Exercise objective » The answer should match the entries below word for word, minus their pictures.

Extracted records
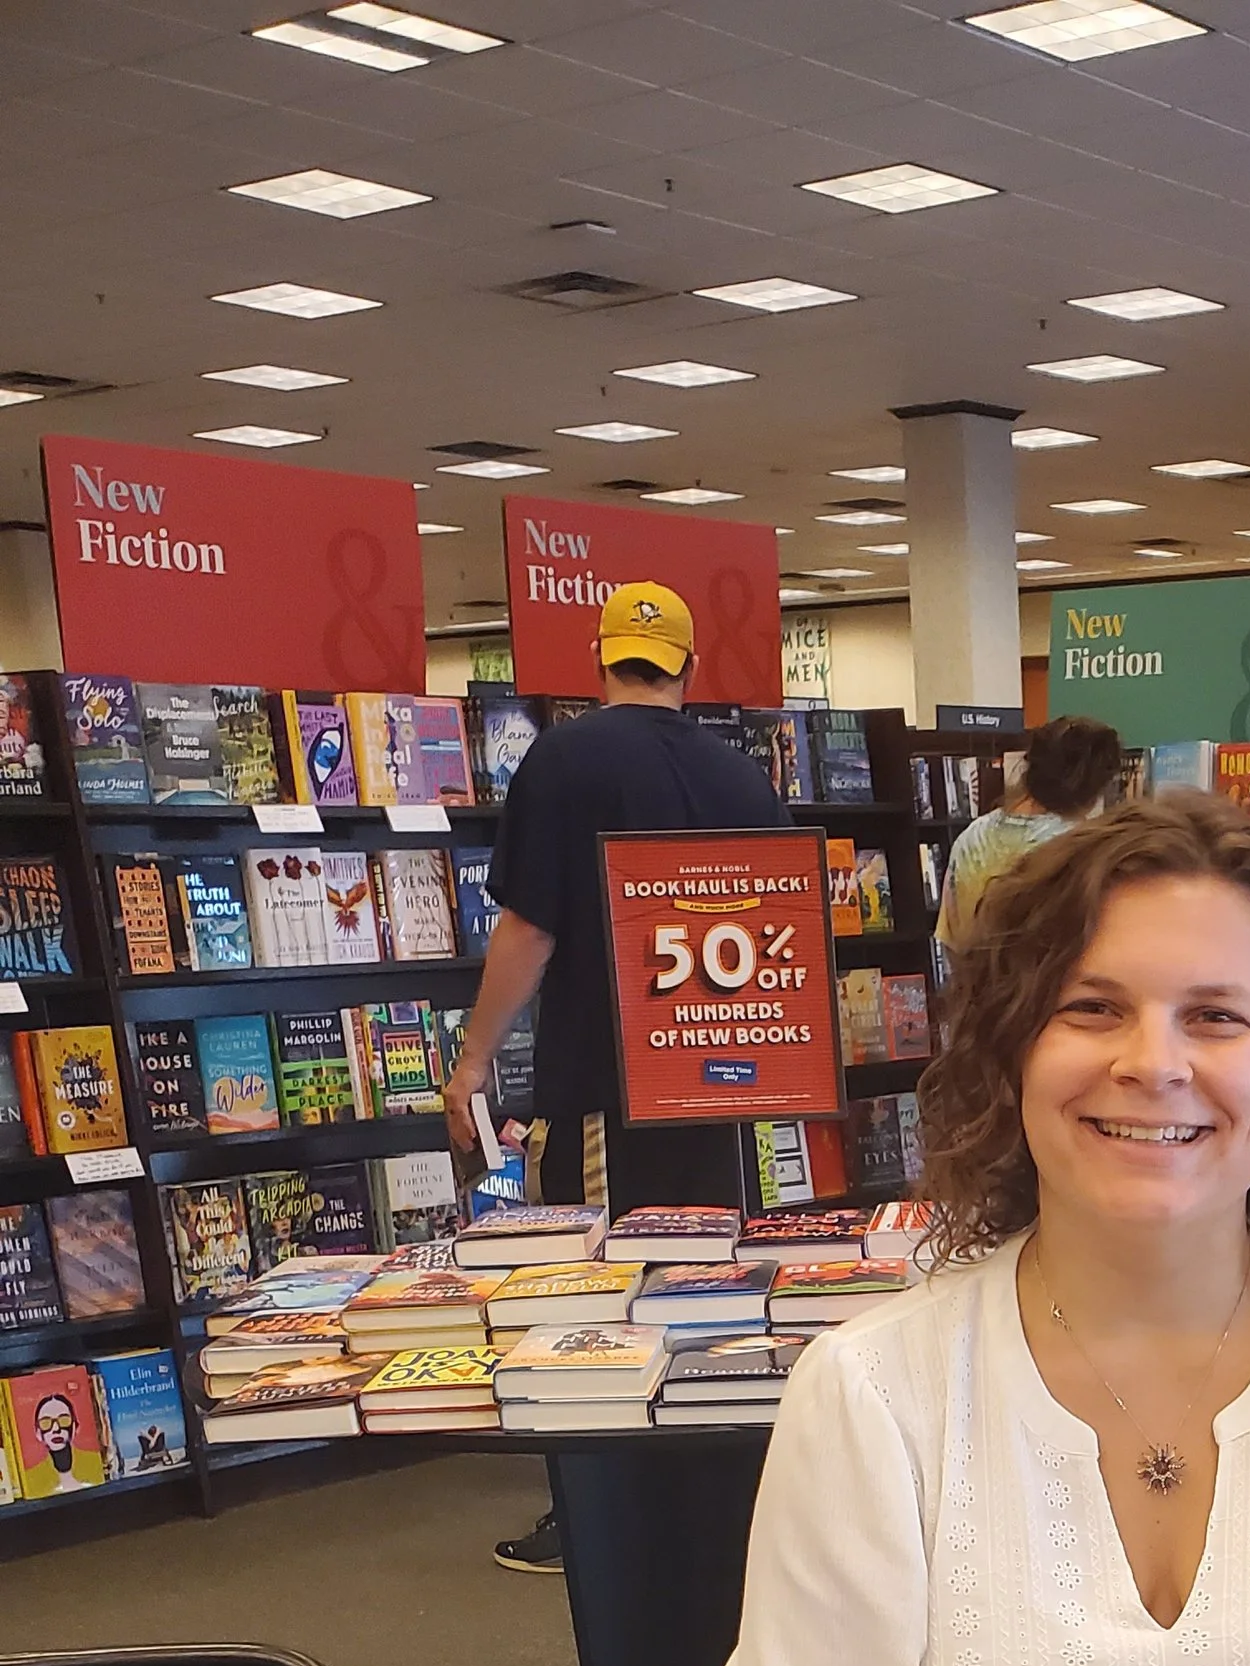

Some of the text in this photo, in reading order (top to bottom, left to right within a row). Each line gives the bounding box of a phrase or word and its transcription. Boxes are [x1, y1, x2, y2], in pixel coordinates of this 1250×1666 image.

[71, 464, 165, 515] New
[76, 518, 226, 575] Fiction
[524, 519, 591, 559] New
[1066, 609, 1127, 640] New
[783, 628, 826, 649] MICE
[795, 651, 815, 660] AND
[1064, 646, 1163, 680] Fiction
[786, 662, 825, 683] MEN
[65, 676, 128, 706] Flying
[77, 703, 124, 730] Solo
[976, 714, 1000, 727] History
[624, 877, 810, 897] BOOK HAUL IS BACK!
[197, 902, 241, 915] ABOUT
[758, 967, 807, 990] OFF
[674, 1001, 784, 1022] HUNDREDS
[290, 1020, 332, 1031] PHILLIP
[284, 1032, 341, 1046] MARGOLIN
[649, 1025, 811, 1048] OF NEW BOOKS
[72, 1066, 92, 1080] THE
[709, 1064, 752, 1074] Limited Time
[722, 1072, 739, 1081] Only
[55, 1079, 114, 1100] MEASURE
[154, 1080, 179, 1095] ON
[299, 1094, 344, 1106] PLACE
[151, 1102, 189, 1119] FIRE
[315, 1212, 365, 1233] CHANGE
[129, 1369, 151, 1381] Elin
[110, 1380, 175, 1400] Hilderbrand
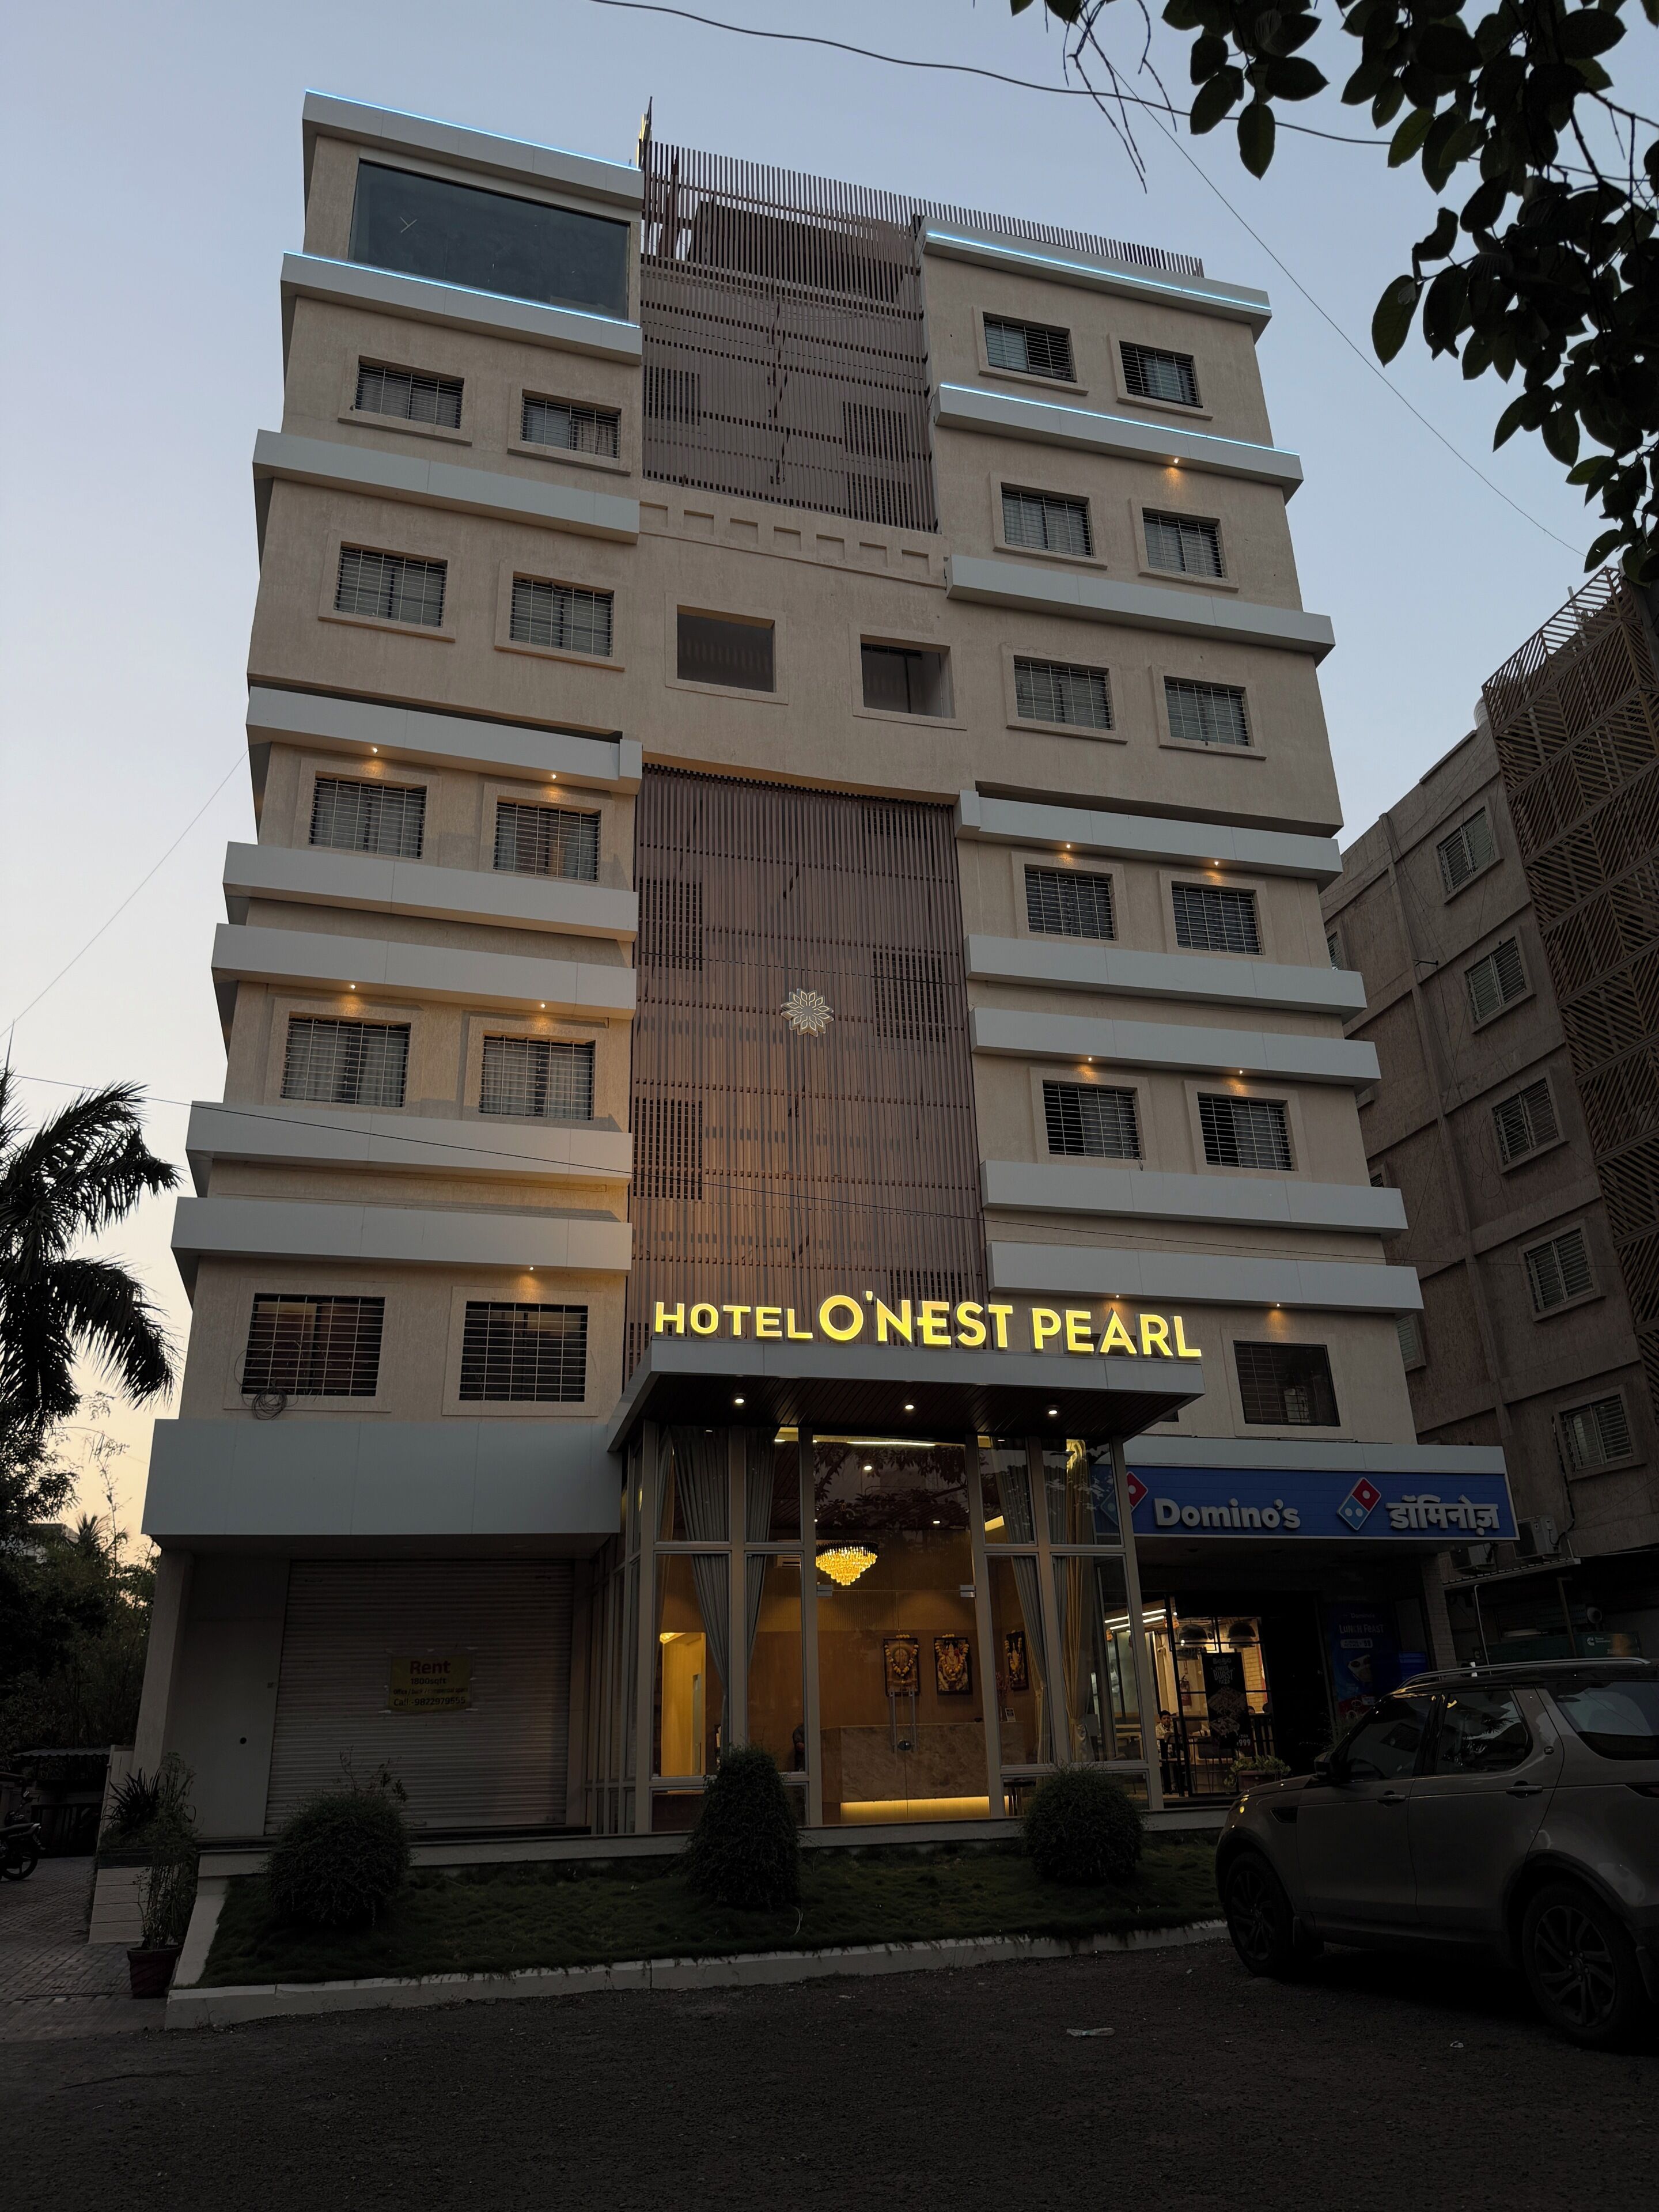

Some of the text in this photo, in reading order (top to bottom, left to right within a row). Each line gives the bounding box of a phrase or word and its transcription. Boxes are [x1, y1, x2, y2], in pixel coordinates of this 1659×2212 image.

Answer to the exercise »
Some of the text in this photo, in reading order (top to bottom, left to right within a row). Each line gives the bounding box of a phrase or word and its transcription. Boxes are [x1, y1, x2, y2], in pixel coordinates of this 1250×1666 image.

[71, 464, 165, 515] New
[76, 518, 226, 575] Fiction
[524, 519, 591, 559] New
[1066, 609, 1127, 640] New
[783, 628, 826, 649] MICE
[795, 651, 815, 660] AND
[1064, 646, 1163, 680] Fiction
[786, 662, 825, 683] MEN
[65, 676, 128, 706] Flying
[77, 703, 124, 730] Solo
[976, 714, 1000, 727] History
[624, 877, 810, 897] BOOK HAUL IS BACK!
[197, 902, 241, 915] ABOUT
[758, 967, 807, 990] OFF
[674, 1001, 784, 1022] HUNDREDS
[290, 1020, 332, 1031] PHILLIP
[284, 1032, 341, 1046] MARGOLIN
[649, 1025, 811, 1048] OF NEW BOOKS
[72, 1066, 92, 1080] THE
[709, 1064, 752, 1074] Limited Time
[722, 1072, 739, 1081] Only
[55, 1079, 114, 1100] MEASURE
[154, 1080, 179, 1095] ON
[299, 1094, 344, 1106] PLACE
[151, 1102, 189, 1119] FIRE
[315, 1212, 365, 1233] CHANGE
[129, 1369, 151, 1381] Elin
[110, 1380, 175, 1400] Hilderbrand

Some of the text in this photo, in reading order (top to bottom, left to right within a row). Each line gives the bounding box of a phrase or word and its transcription. Boxes are [x1, y1, x2, y2], in pixel coordinates of this 1659×2212 image.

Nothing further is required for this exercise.